Given entries -
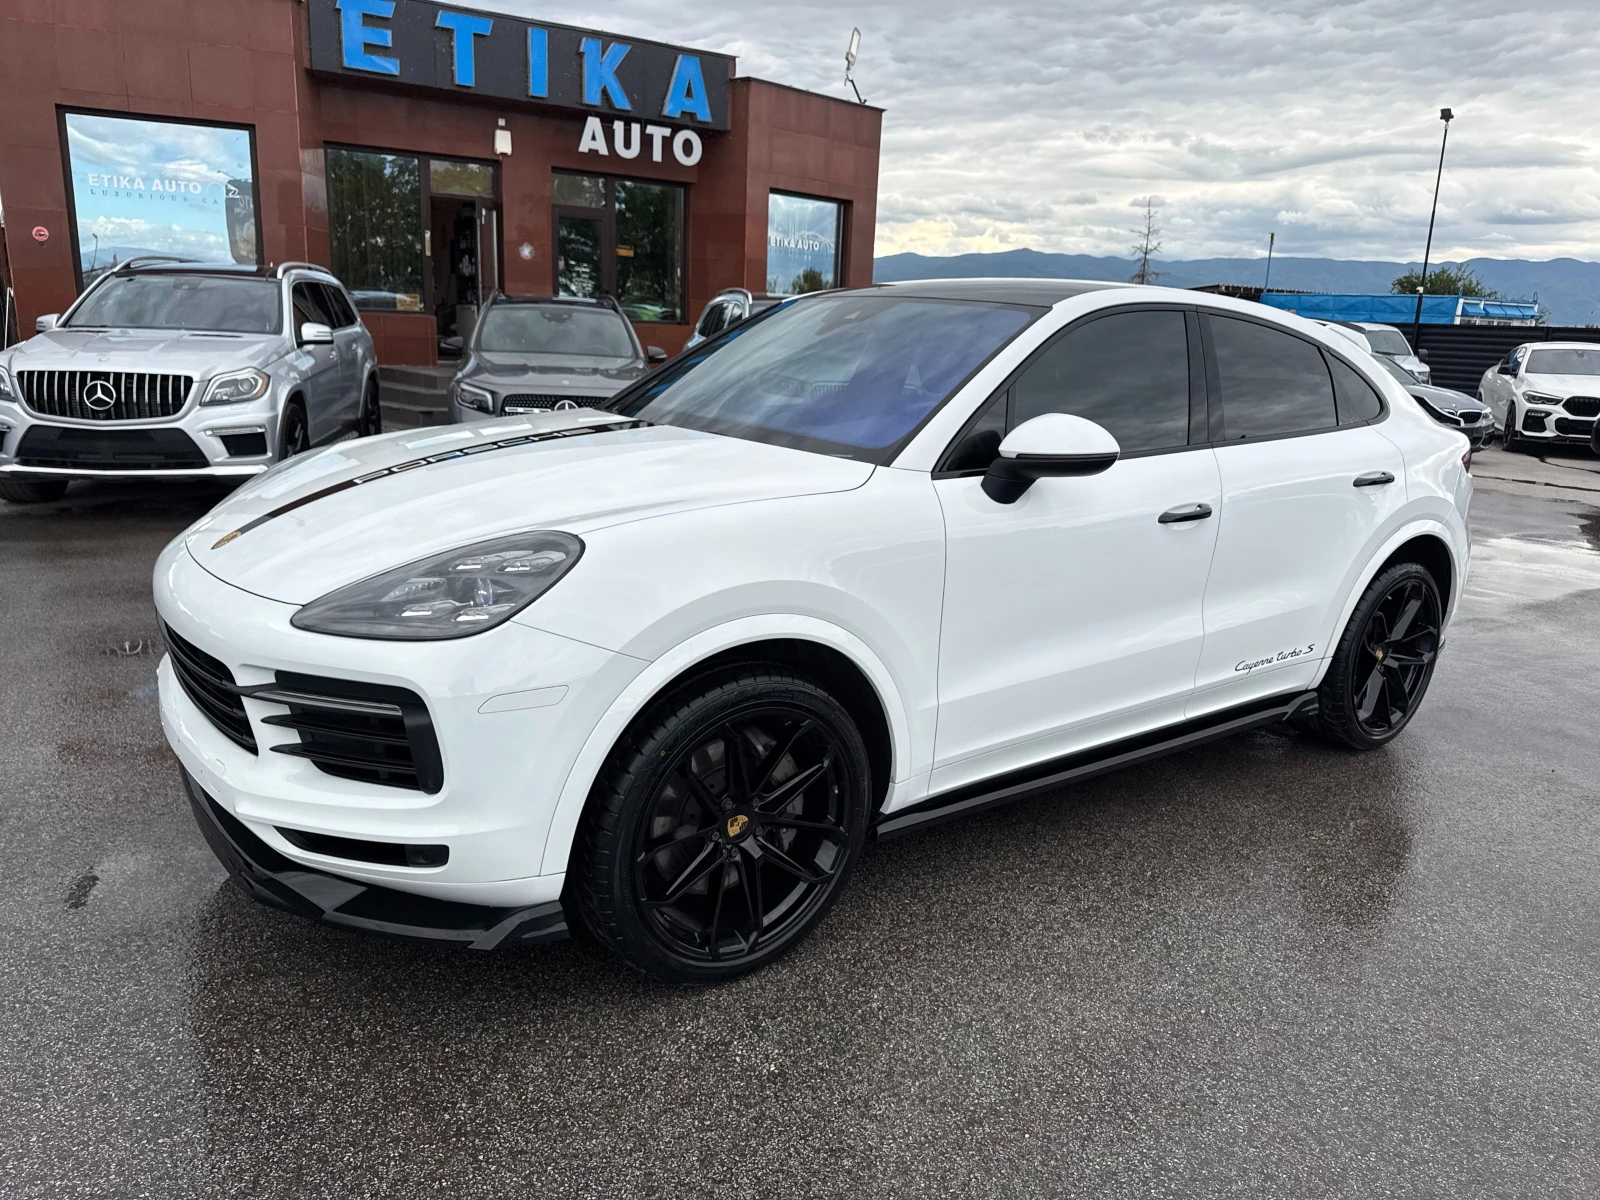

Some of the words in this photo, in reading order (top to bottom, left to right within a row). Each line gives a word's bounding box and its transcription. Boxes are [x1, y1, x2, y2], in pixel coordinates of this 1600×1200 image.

[335, 0, 712, 122] ETIKA
[578, 116, 702, 167] AUTO
[88, 173, 145, 190] ETIKA
[152, 178, 202, 195] AUTO
[90, 188, 188, 203] LUXURIOUS
[770, 236, 795, 249] ETIKA
[797, 239, 819, 251] AUTO
[353, 427, 596, 484] PORSCHE
[1234, 656, 1274, 675] Cayenne
[1303, 643, 1315, 655] S
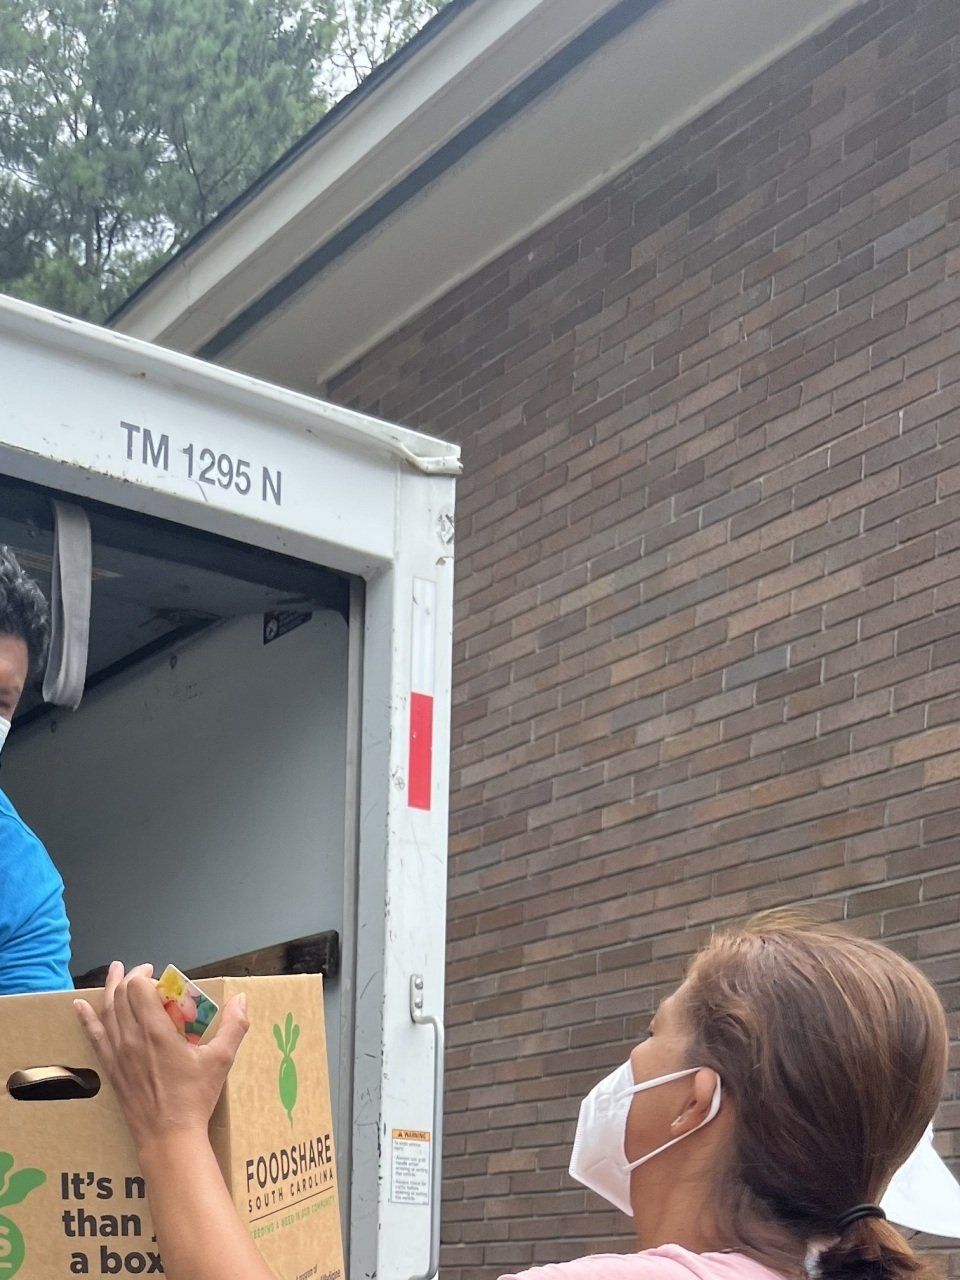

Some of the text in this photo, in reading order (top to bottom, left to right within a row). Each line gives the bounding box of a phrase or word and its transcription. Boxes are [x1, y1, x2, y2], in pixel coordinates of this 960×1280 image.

[120, 420, 282, 506] TM 1295 N
[246, 1134, 332, 1194] FOODSHARE
[248, 1168, 334, 1213] SOUTH CAROLINA
[62, 1208, 142, 1237] than
[70, 1245, 164, 1274] a box
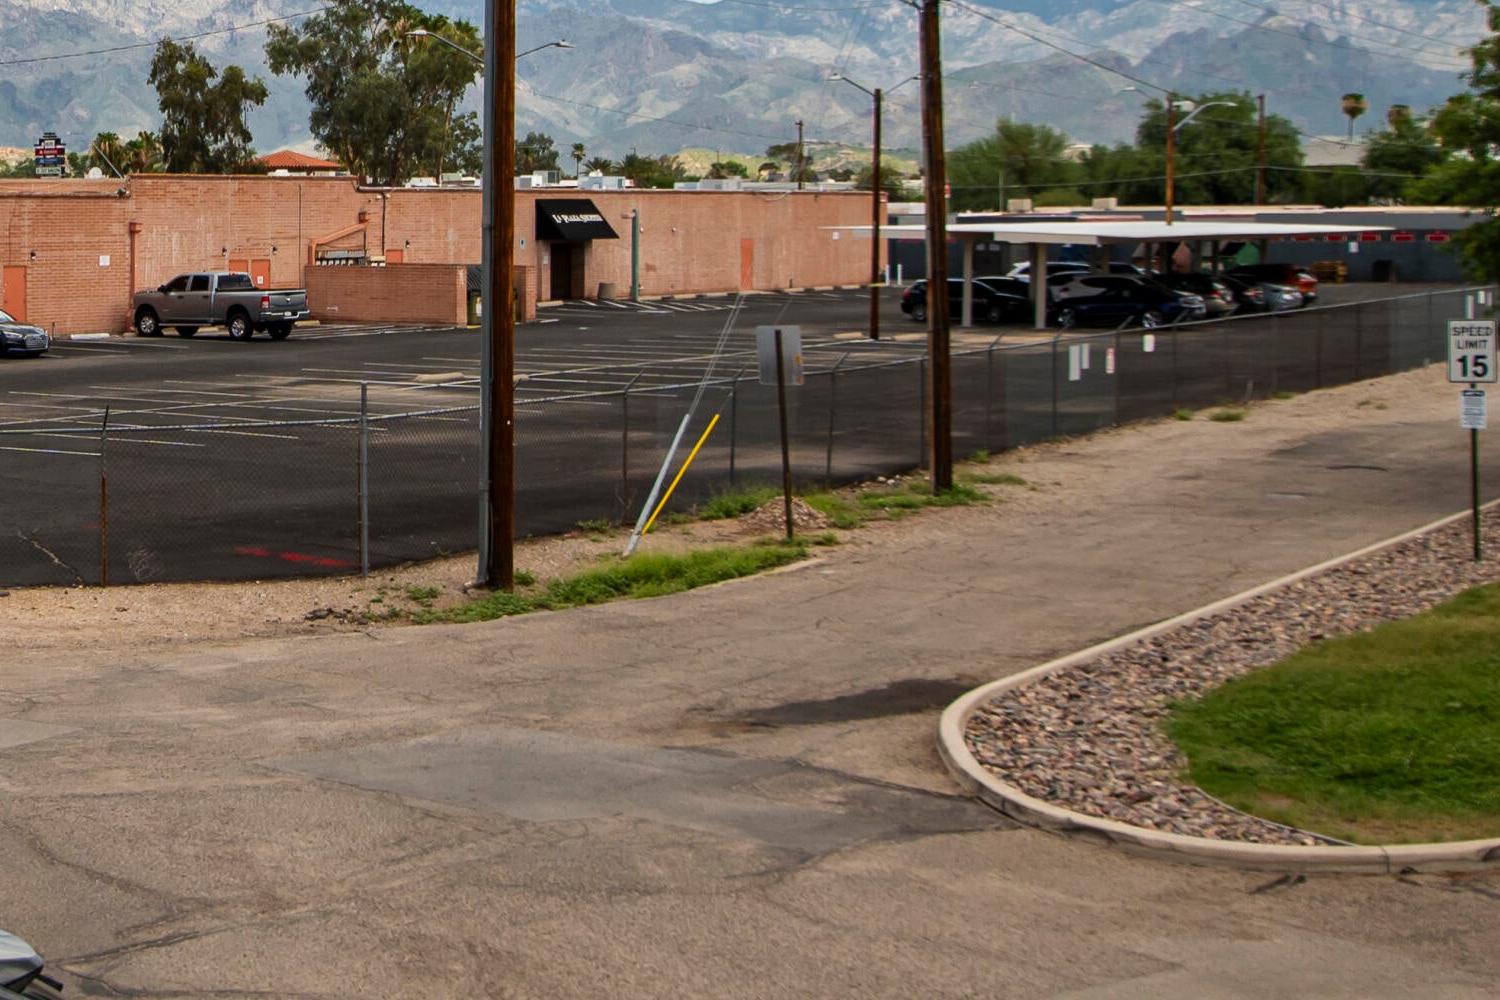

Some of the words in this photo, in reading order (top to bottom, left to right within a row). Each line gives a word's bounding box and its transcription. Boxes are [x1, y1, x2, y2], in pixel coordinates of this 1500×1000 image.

[1453, 326, 1493, 337] SPEED
[1457, 339, 1488, 350] LIMIT
[1456, 354, 1489, 378] 15

What you are asked to do - No picture should be included when the data are set down again exactly.

Written answer -
Some of the words in this photo, in reading order (top to bottom, left to right within a row). Each line gives a word's bounding box and its transcription. Boxes are [x1, y1, x2, y2], in pixel coordinates of this 1600×1200 image.

[335, 0, 712, 122] ETIKA
[578, 116, 702, 167] AUTO
[88, 173, 145, 190] ETIKA
[152, 178, 202, 195] AUTO
[90, 188, 188, 203] LUXURIOUS
[770, 236, 795, 249] ETIKA
[797, 239, 819, 251] AUTO
[353, 427, 596, 484] PORSCHE
[1234, 656, 1274, 675] Cayenne
[1303, 643, 1315, 655] S

Some of the text in this photo, in reading order (top to bottom, left to right within a row). Each line gives the bounding box of a phrase or word and its transcription. Boxes are [x1, y1, x2, y2], in pixel coordinates of this 960×1280 image.

[120, 420, 282, 506] TM 1295 N
[246, 1134, 332, 1194] FOODSHARE
[248, 1168, 334, 1213] SOUTH CAROLINA
[62, 1208, 142, 1237] than
[70, 1245, 164, 1274] a box

Some of the words in this photo, in reading order (top to bottom, left to right within a row). Each line gives a word's bounding box and its transcription. Boxes are [x1, y1, x2, y2], in pixel coordinates of this 1500×1000 image.

[1453, 326, 1493, 337] SPEED
[1457, 339, 1488, 350] LIMIT
[1456, 354, 1489, 378] 15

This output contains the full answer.